CONTEMPORARY PORTUGUESE JEWELLERY | 2009 11 12 – 11 27
Contemporary Portuguese jewelry: serious and not so serious.
Lithuanian viewers are not aware of what is currently happening in the Portuguese jewelry scene. What ideas, techniques and materials are currently of interest to Portuguese authors? What are the tendencies, thoughts, feelings and what are the ways of their expression that are formed into objects for the body (and sometimes not for the body)?
Seven artists from Portugal are pulling back the curtain on the jewelry art scene in the “Meno niša” gallery. The current situation of jewelry art in Portugal is not very different from the general European trends: freedom of expression, the desire to convey one’s feelings and thoughts in the form of an object intended for the body, expression of uniqueness, using unusual materials. However, in this country, the theme and emotion of the work are especially important, the harmony of which, reflected in the object, makes the work artistically valuable.

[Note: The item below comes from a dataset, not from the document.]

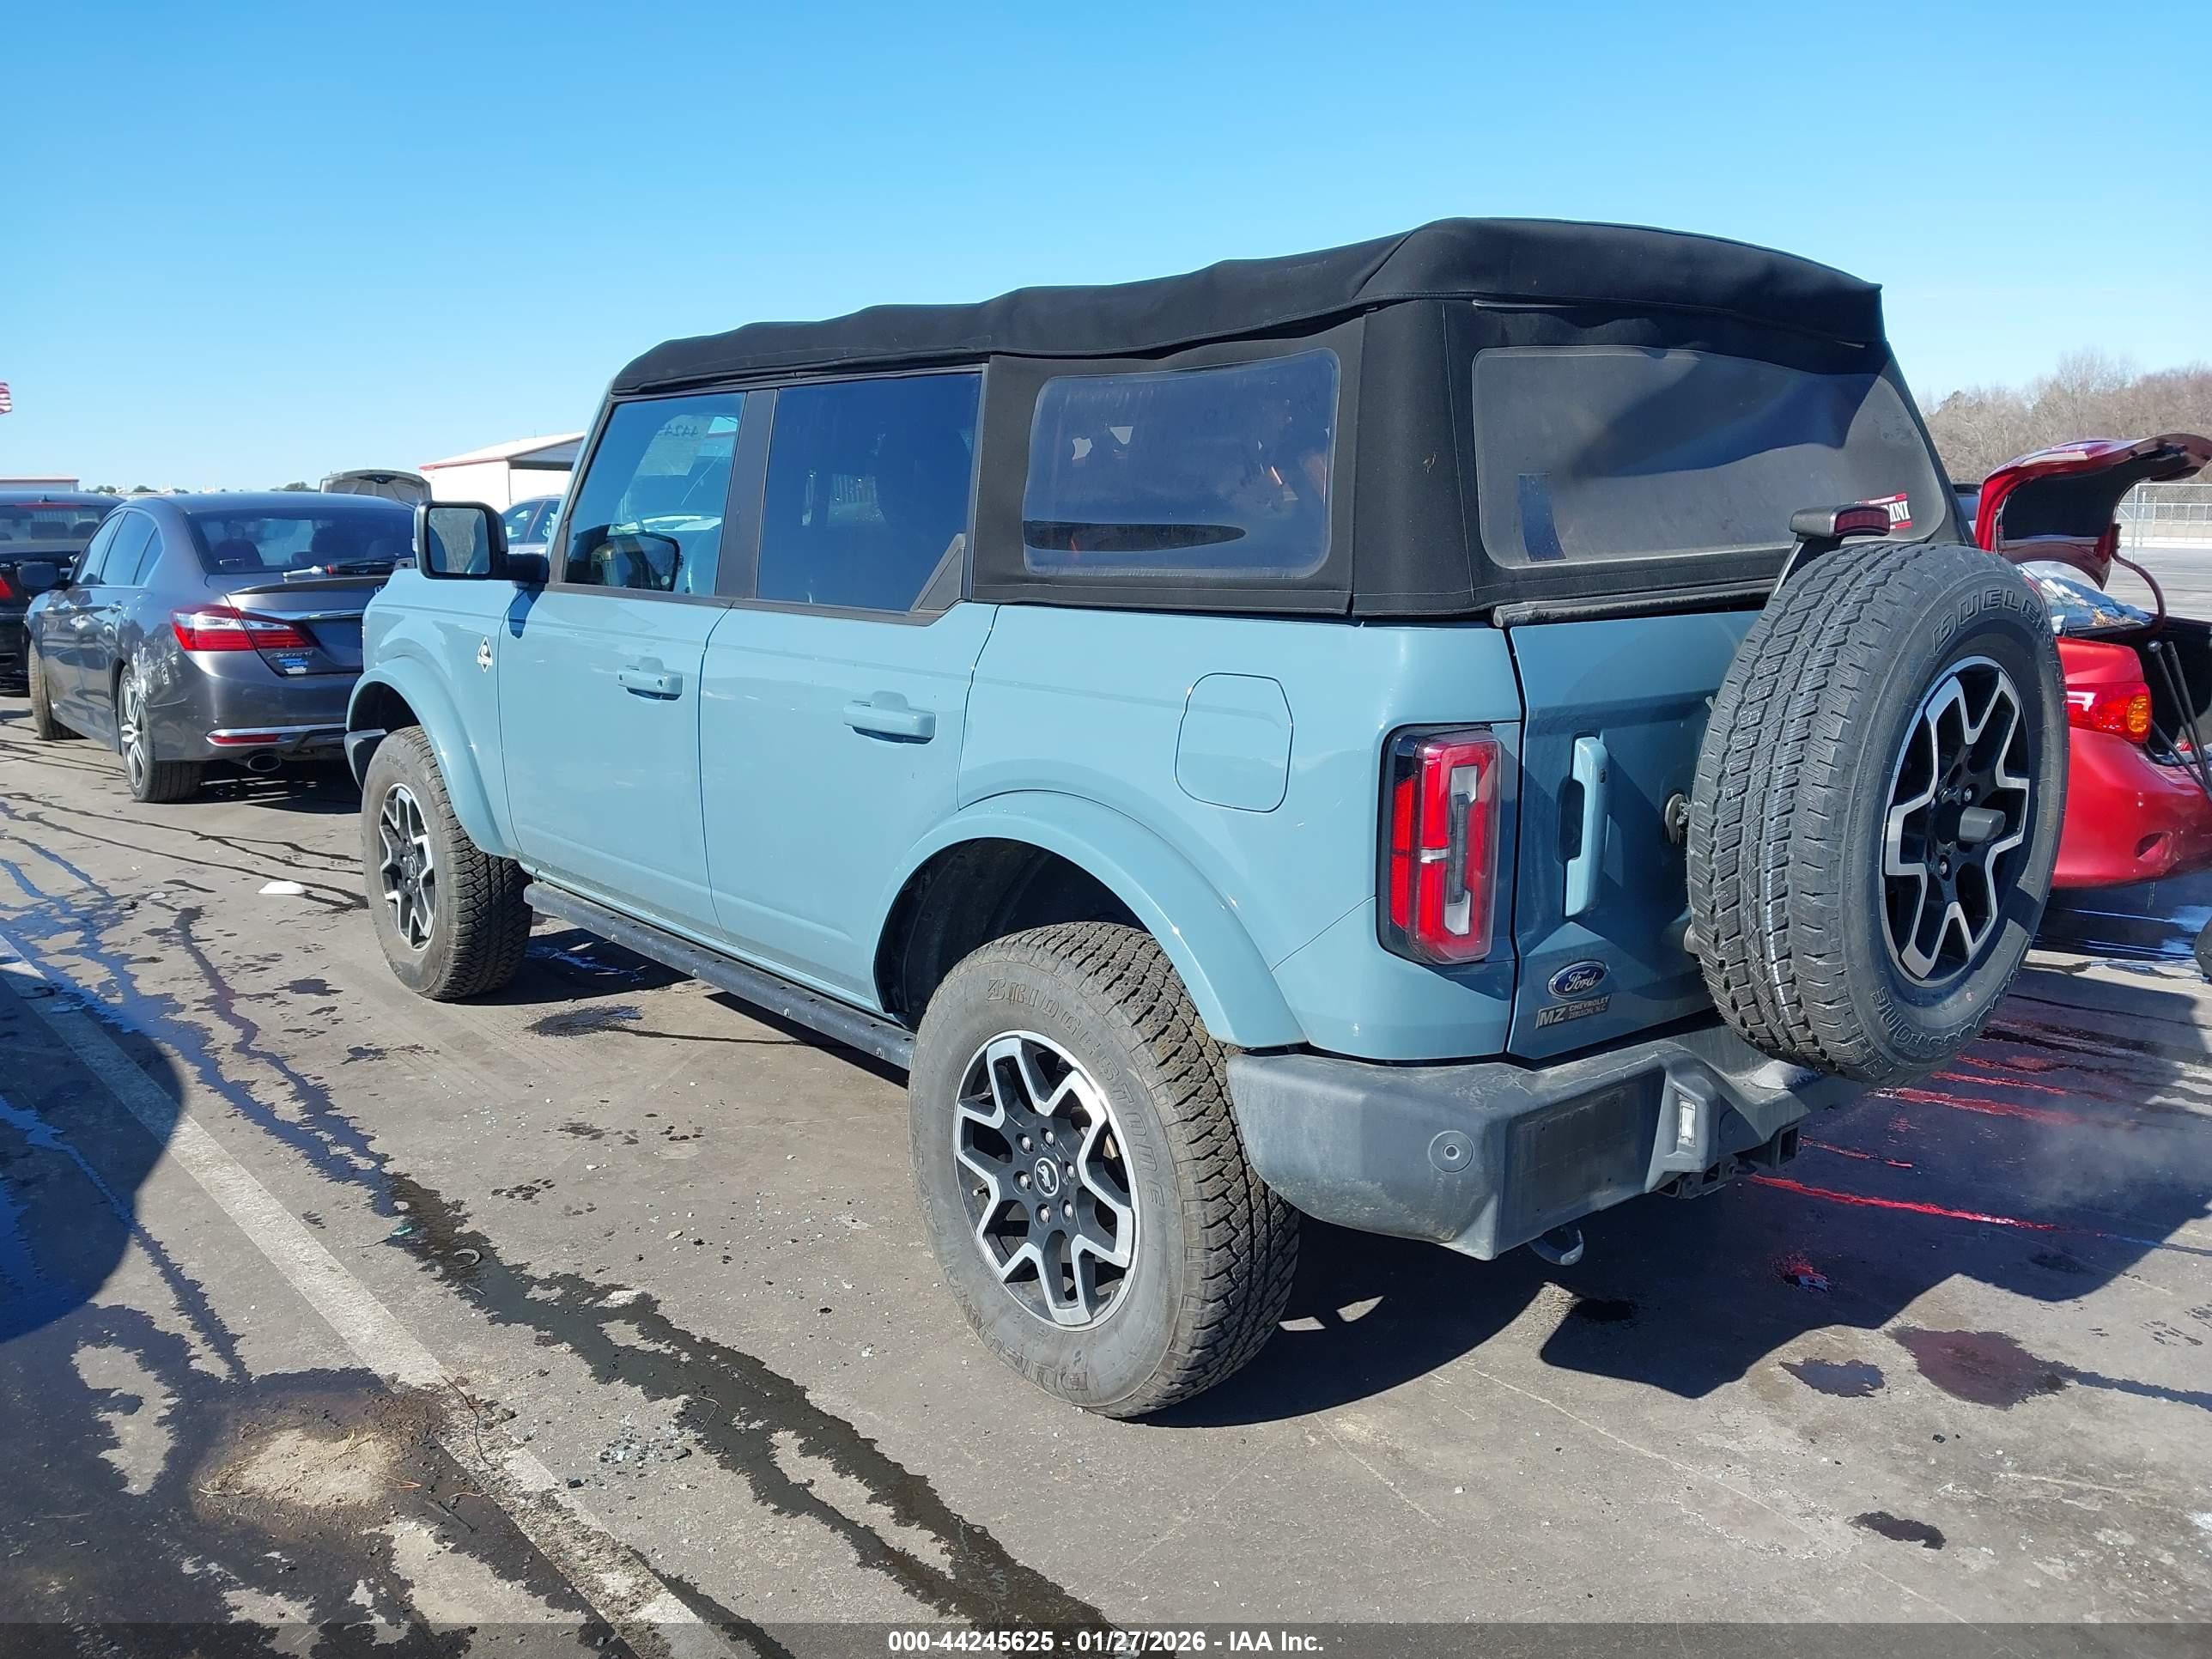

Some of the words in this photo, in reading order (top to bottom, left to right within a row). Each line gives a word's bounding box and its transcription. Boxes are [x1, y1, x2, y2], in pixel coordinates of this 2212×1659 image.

[1565, 969, 1597, 992] Ford
[1569, 996, 1610, 1011] CHEVROLET
[1540, 1007, 1566, 1026] MZ
[987, 977, 1165, 1208] BRIDGESTONE

Authors belonging to the middle generation of artists demonstrate an already formed artistic drawing. Sofia Assalino explores the relationship between nature and man. By combining materials that contrast with each other and are opposite in nature, the designer-educated author seeks to reveal the contradictory, sometimes conflicting, and sometimes harmonious coexistence of man and the environment.
Susana Teixeira exhibits her latest project, “Meeting Point”, a panel made of puzzle pieces. The sixteen puzzle piece holders, after meeting and connecting their pieces, learn the address of the blog, which can become a place for their communication in the virtual space, a virtual “home”. In this way, the jewelry item becomes an object that promotes communication, while maintaining its decorative function.

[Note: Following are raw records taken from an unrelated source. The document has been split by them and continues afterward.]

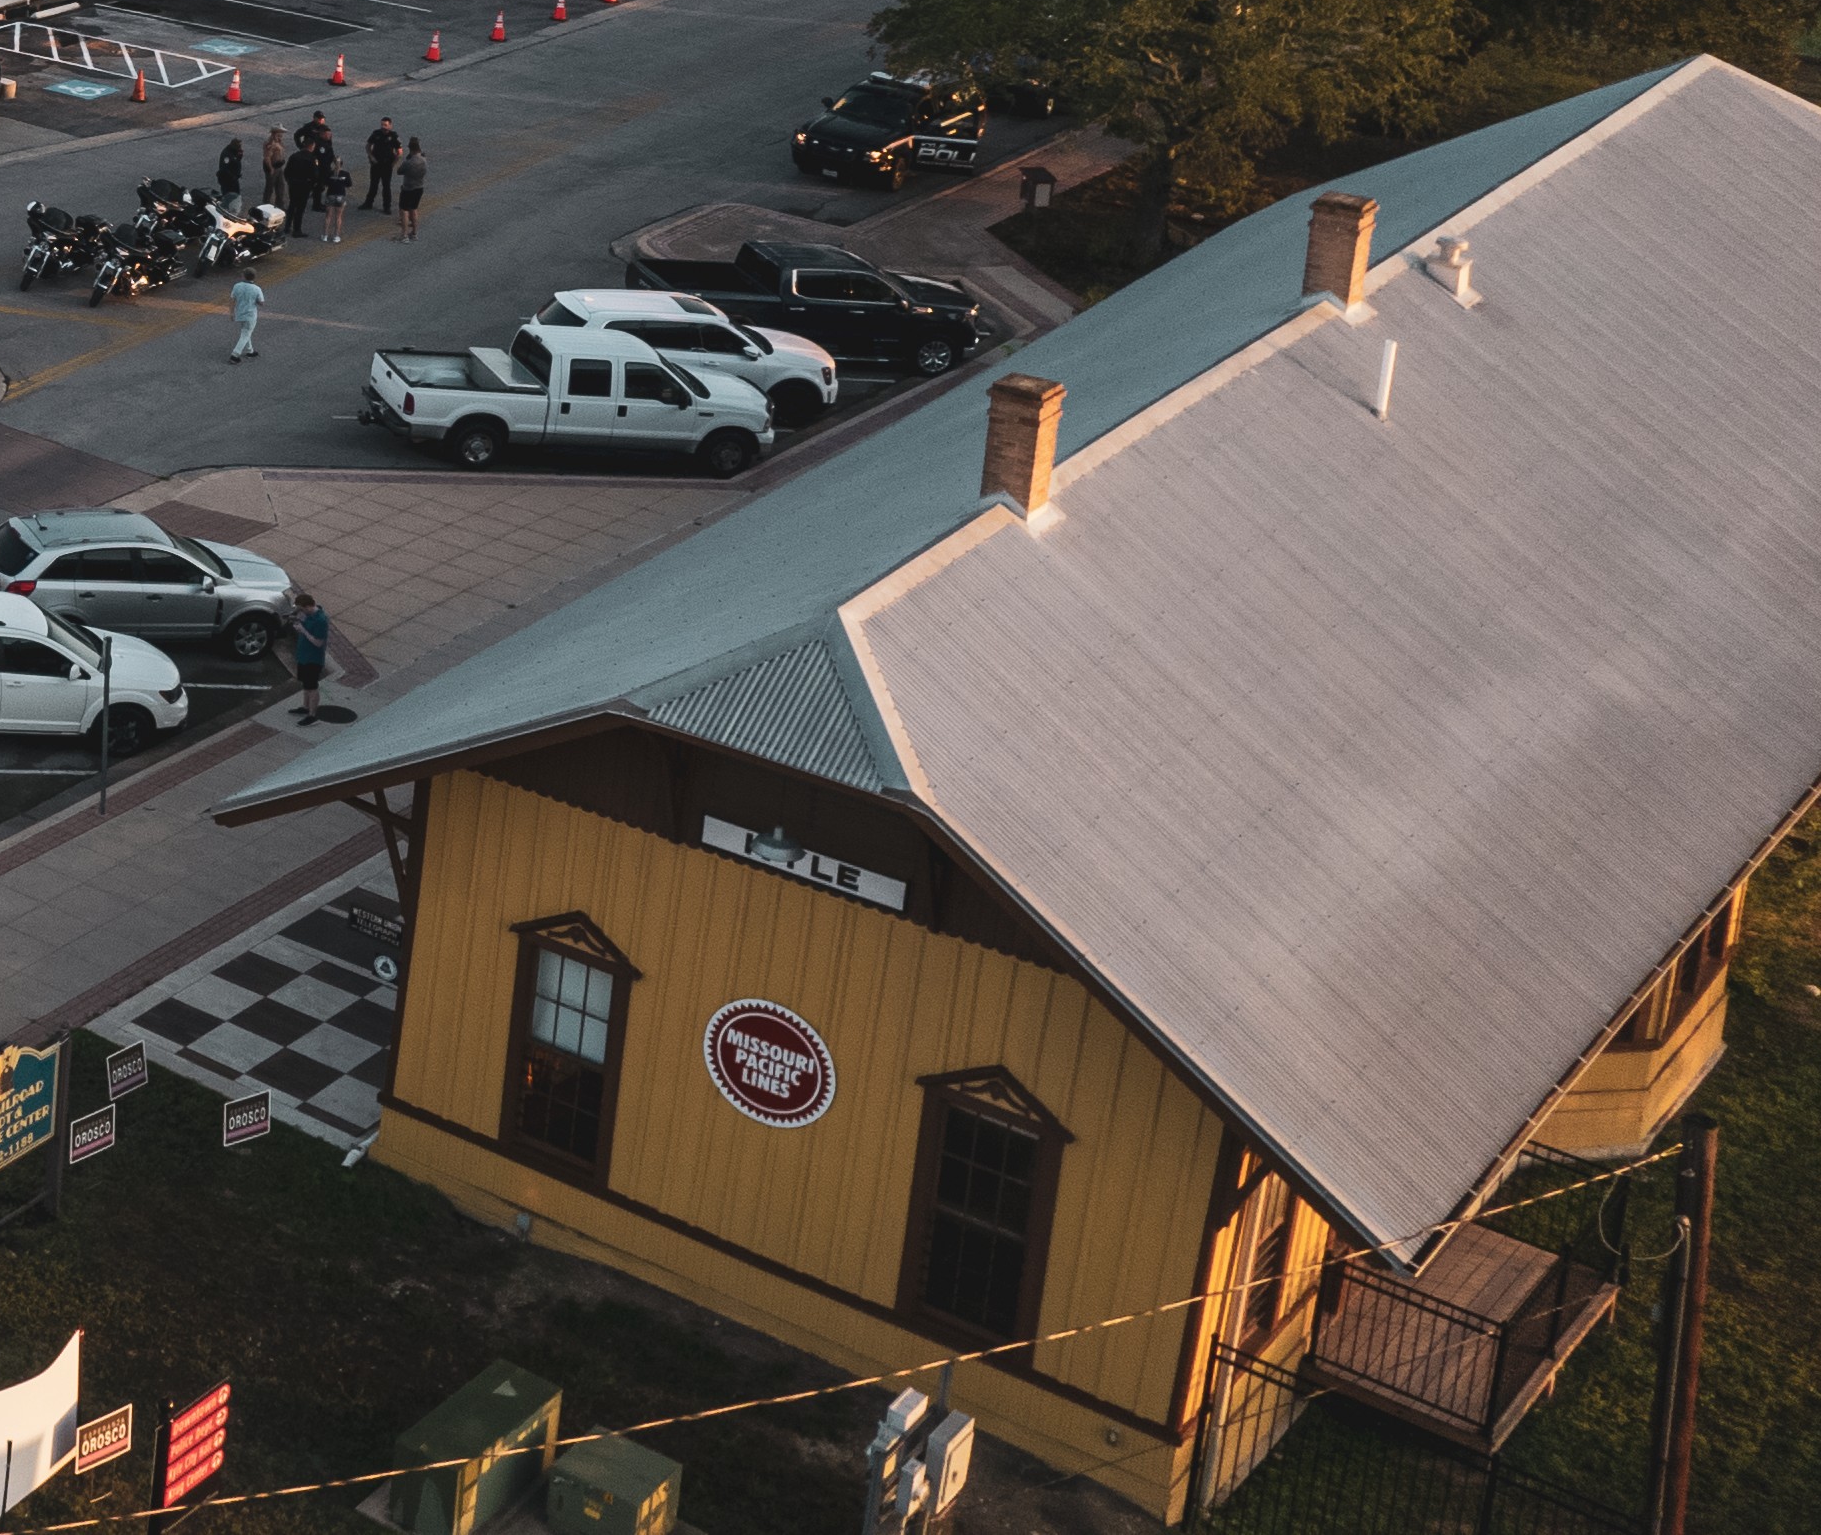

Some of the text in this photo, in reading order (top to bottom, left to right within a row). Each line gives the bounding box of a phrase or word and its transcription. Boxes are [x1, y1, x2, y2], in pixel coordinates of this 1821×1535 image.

[353, 908, 402, 933] WESTERN UNION
[357, 917, 397, 938] TELEGRAPH
[726, 1028, 815, 1075] MISSOURI
[112, 1058, 143, 1083] OROSCO
[735, 1049, 802, 1086] PACIFIC
[741, 1068, 791, 1099] LINES
[6, 1105, 50, 1138] CENTER
[13, 1106, 23, 1119] &
[229, 1107, 266, 1130] OROSCO
[74, 1121, 111, 1148] OROSCO
[83, 1417, 125, 1439] ESPERANZA
[173, 1397, 218, 1437] Downtown
[81, 1423, 127, 1456] OROSCO
[170, 1434, 194, 1458] Police
[168, 1441, 213, 1482] Kyle City Hall
[186, 1465, 208, 1487] Center

Rita Carvalho Marquez creates jewelry that is the least distant from the concept of traditional jewelry. Jewelry made of gold and silver with precious stones, in which topazes, amethysts, pearls are combined with oxidized, polished and hammered metal, are bright, colorful, memorable and decorative.

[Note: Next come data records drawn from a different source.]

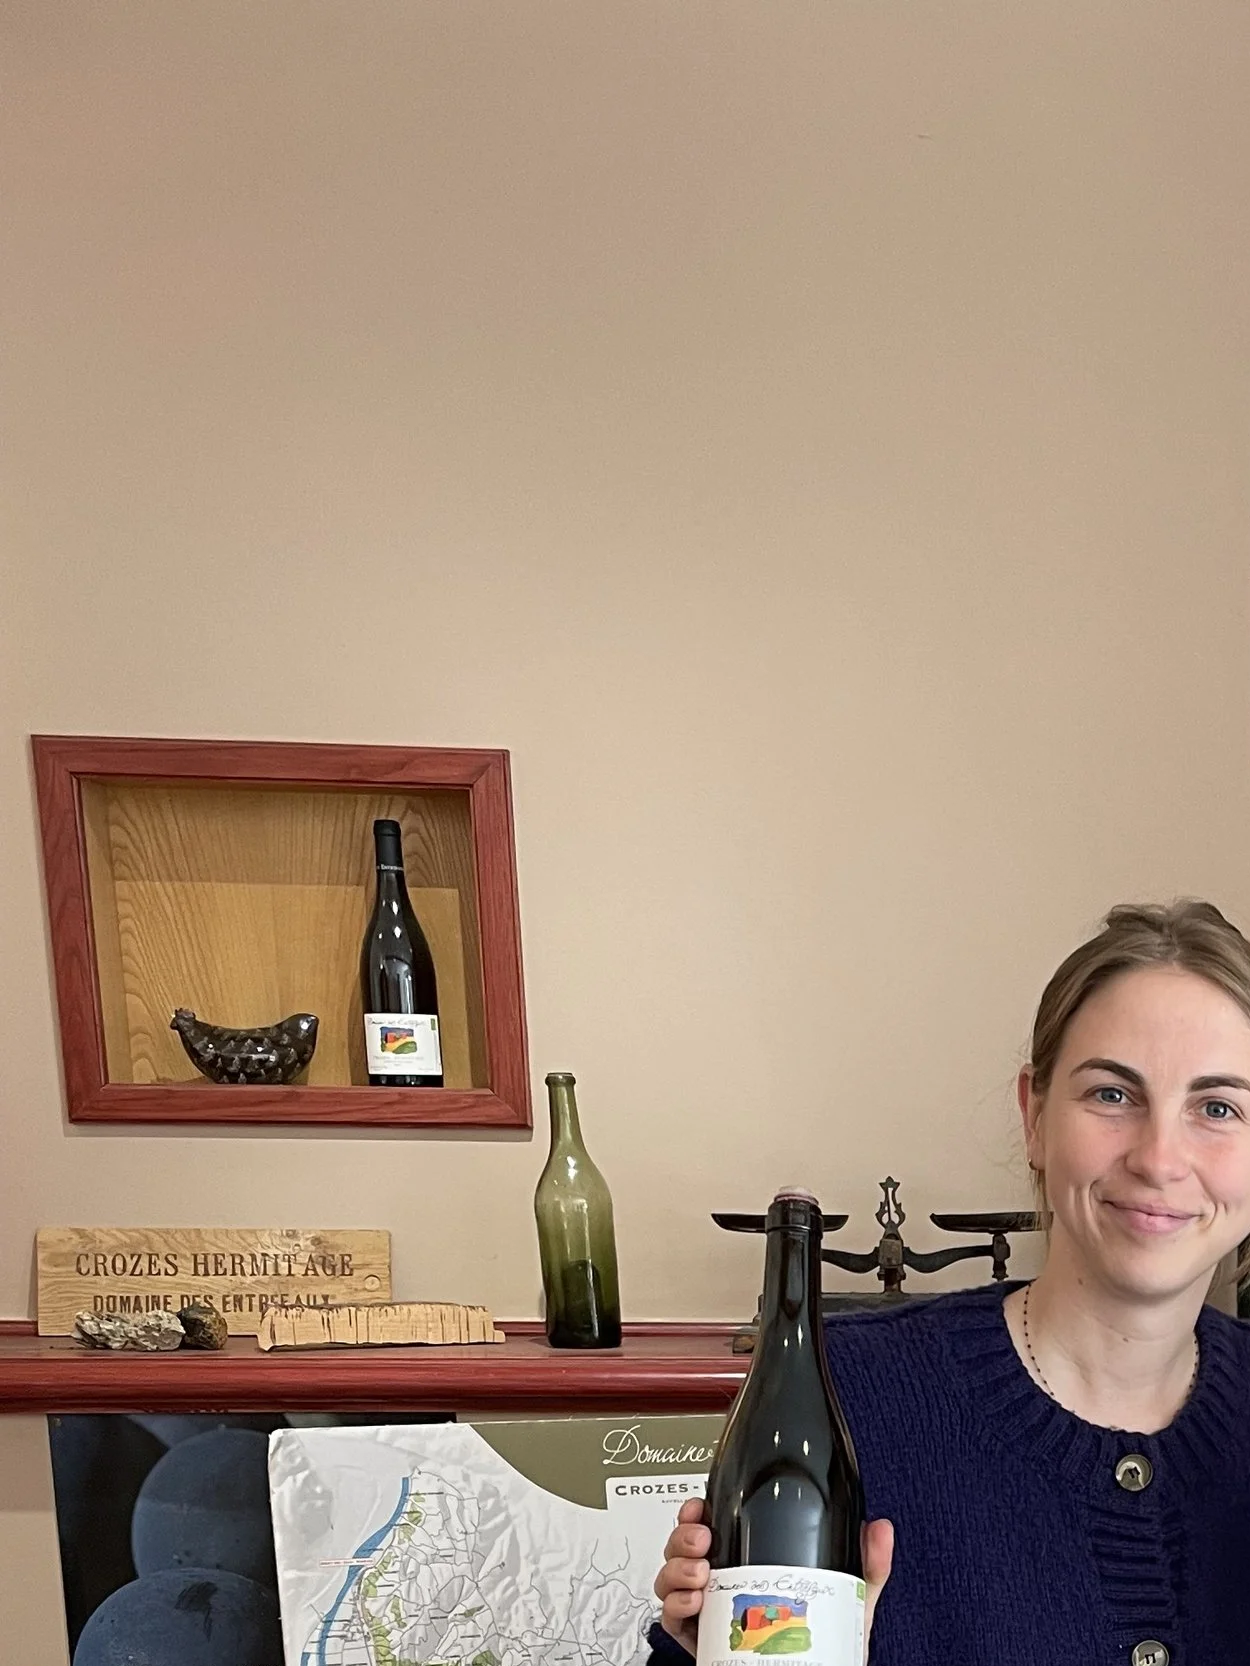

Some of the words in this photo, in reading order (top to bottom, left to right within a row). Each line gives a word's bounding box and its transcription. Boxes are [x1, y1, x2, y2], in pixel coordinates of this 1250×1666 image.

[75, 1253, 179, 1277] CROZES
[191, 1252, 355, 1277] HERMITAGE
[93, 1294, 172, 1314] DOMAINE
[602, 1424, 715, 1466] Domaine
[615, 1483, 688, 1496] CROZES

Fernando Sarmento works in sculpture, installations and performance; his presented object is a collection of Limoges porcelain sculptures. These are bones restored from porcelain and reminiscent of modern relics of saints.
Maria José Valério, who has been designing accessories since childhood, presents necklaces for lovers. Her works are full of raw emotions, bright colors; each of the author’s works has a specific emotional and meaningful charge. It is an amulet, a prayer bead, a sign of recognition or a talisman. And each of them tells their own story.
Estefânia Rodrigues de Almeida presents accessories in which paper elements are combined into a single whole by means of jewelry. The author’s journey through the city is presented as a kind of diary, formed from tickets, flyers, advertisements found in the city – but in the end all this turns into jewelry – a memory.
Adelino Vieira constructs a spatial composition from text signs, translating the letter as a meaningful sign – a spatial object. Losing its meaning, the letter becomes a sculptural body. Portuguese jewelry is sensual and conceptual, sometimes functional, sometimes sculptural, sometimes planar. The authors combine forms, materials, stones and metal into a single whole, in which we recognize the feelings and thoughts that possessed them.